> _Work task_:
Please reproduce all the data exactly as written and omit the pictures.

START Material for this task

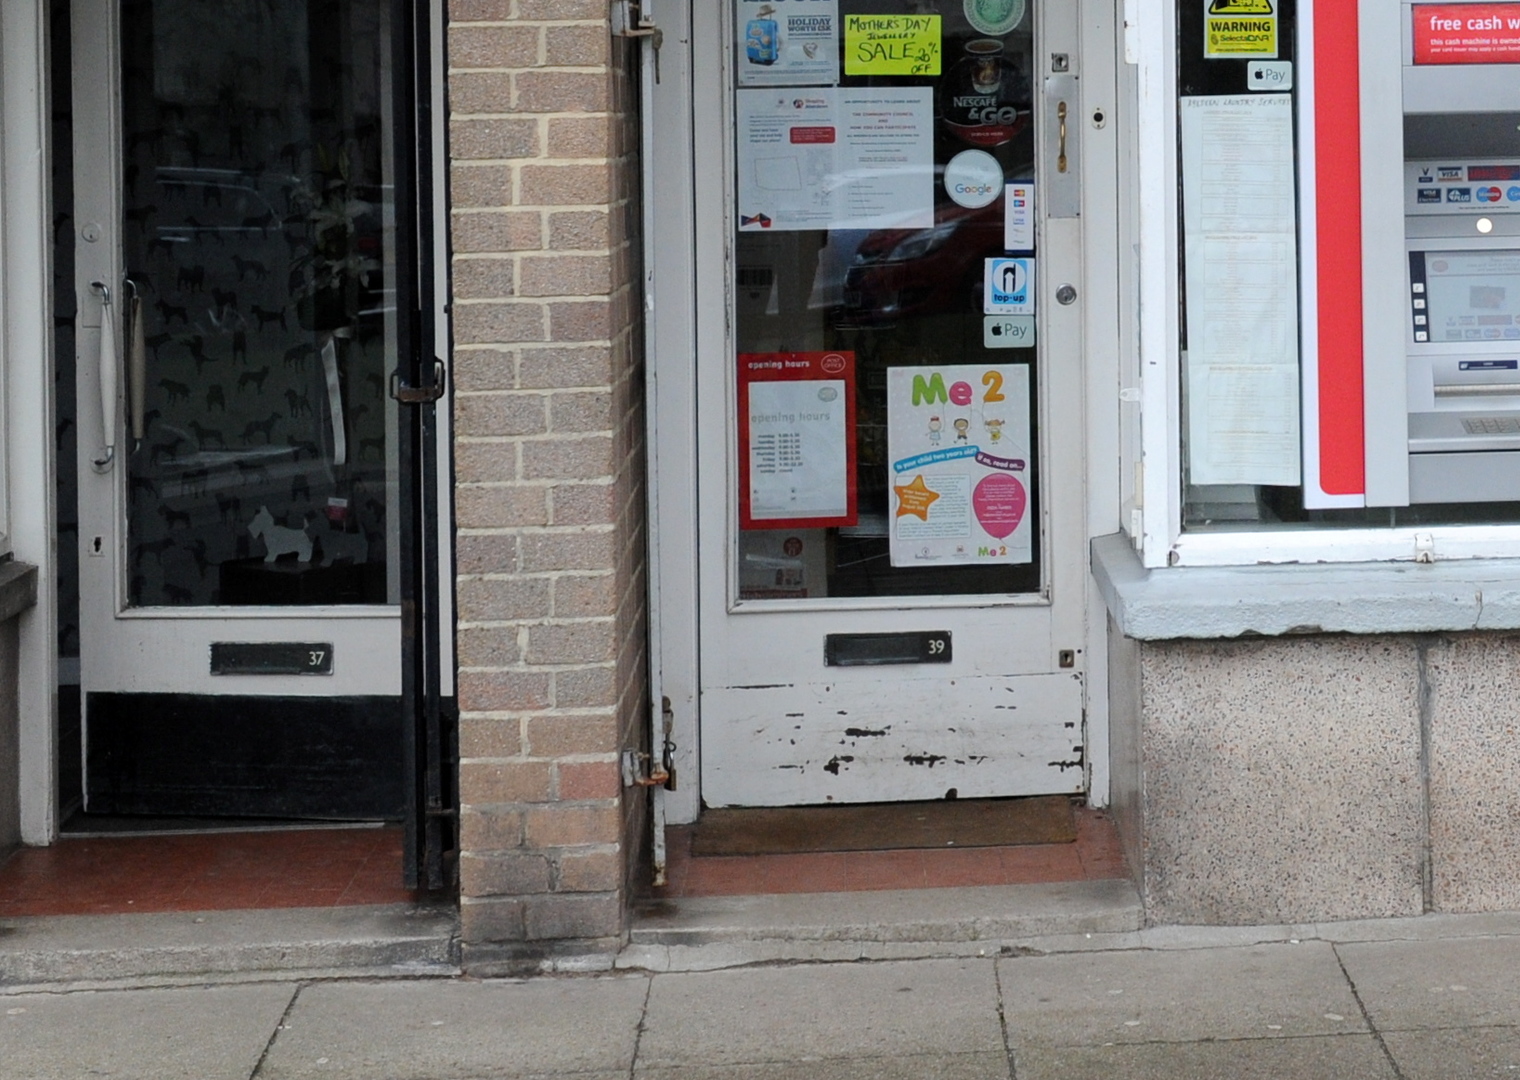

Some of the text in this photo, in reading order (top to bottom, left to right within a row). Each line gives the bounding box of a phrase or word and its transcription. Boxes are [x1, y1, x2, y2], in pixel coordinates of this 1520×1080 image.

[787, 18, 832, 26] HOLIDAY
[902, 17, 931, 32] DAY
[1210, 21, 1271, 32] WARNING
[1430, 15, 1462, 31] free
[1466, 14, 1502, 31] cash
[858, 41, 917, 63] SALE
[911, 63, 932, 74] OFF
[1265, 68, 1286, 82] Pay
[953, 95, 997, 108] NESCAFÉ
[955, 183, 992, 196] Google
[1454, 193, 1470, 201] PLUS
[994, 293, 1026, 304] top-up
[1004, 323, 1027, 339] Pay
[748, 360, 810, 370] opening hours
[911, 370, 1005, 406] Me 2
[751, 412, 831, 424] opening hours
[903, 461, 917, 469] your
[917, 455, 932, 464] child
[946, 451, 963, 459] years
[963, 447, 977, 455] old?
[977, 545, 1007, 557] Me 2
[928, 640, 945, 654] 39
[308, 651, 324, 665] 37

END Material for this task

> _Task solution_:
Some of the text in this photo, in reading order (top to bottom, left to right within a row). Each line gives the bounding box of a phrase or word and its transcription. Boxes are [x1, y1, x2, y2], in pixel coordinates of this 1520×1080 image.

[787, 18, 832, 26] HOLIDAY
[902, 17, 931, 32] DAY
[1210, 21, 1271, 32] WARNING
[1430, 15, 1462, 31] free
[1466, 14, 1502, 31] cash
[858, 41, 917, 63] SALE
[911, 63, 932, 74] OFF
[1265, 68, 1286, 82] Pay
[953, 95, 997, 108] NESCAFÉ
[955, 183, 992, 196] Google
[1454, 193, 1470, 201] PLUS
[994, 293, 1026, 304] top-up
[1004, 323, 1027, 339] Pay
[748, 360, 810, 370] opening hours
[911, 370, 1005, 406] Me 2
[751, 412, 831, 424] opening hours
[903, 461, 917, 469] your
[917, 455, 932, 464] child
[946, 451, 963, 459] years
[963, 447, 977, 455] old?
[977, 545, 1007, 557] Me 2
[928, 640, 945, 654] 39
[308, 651, 324, 665] 37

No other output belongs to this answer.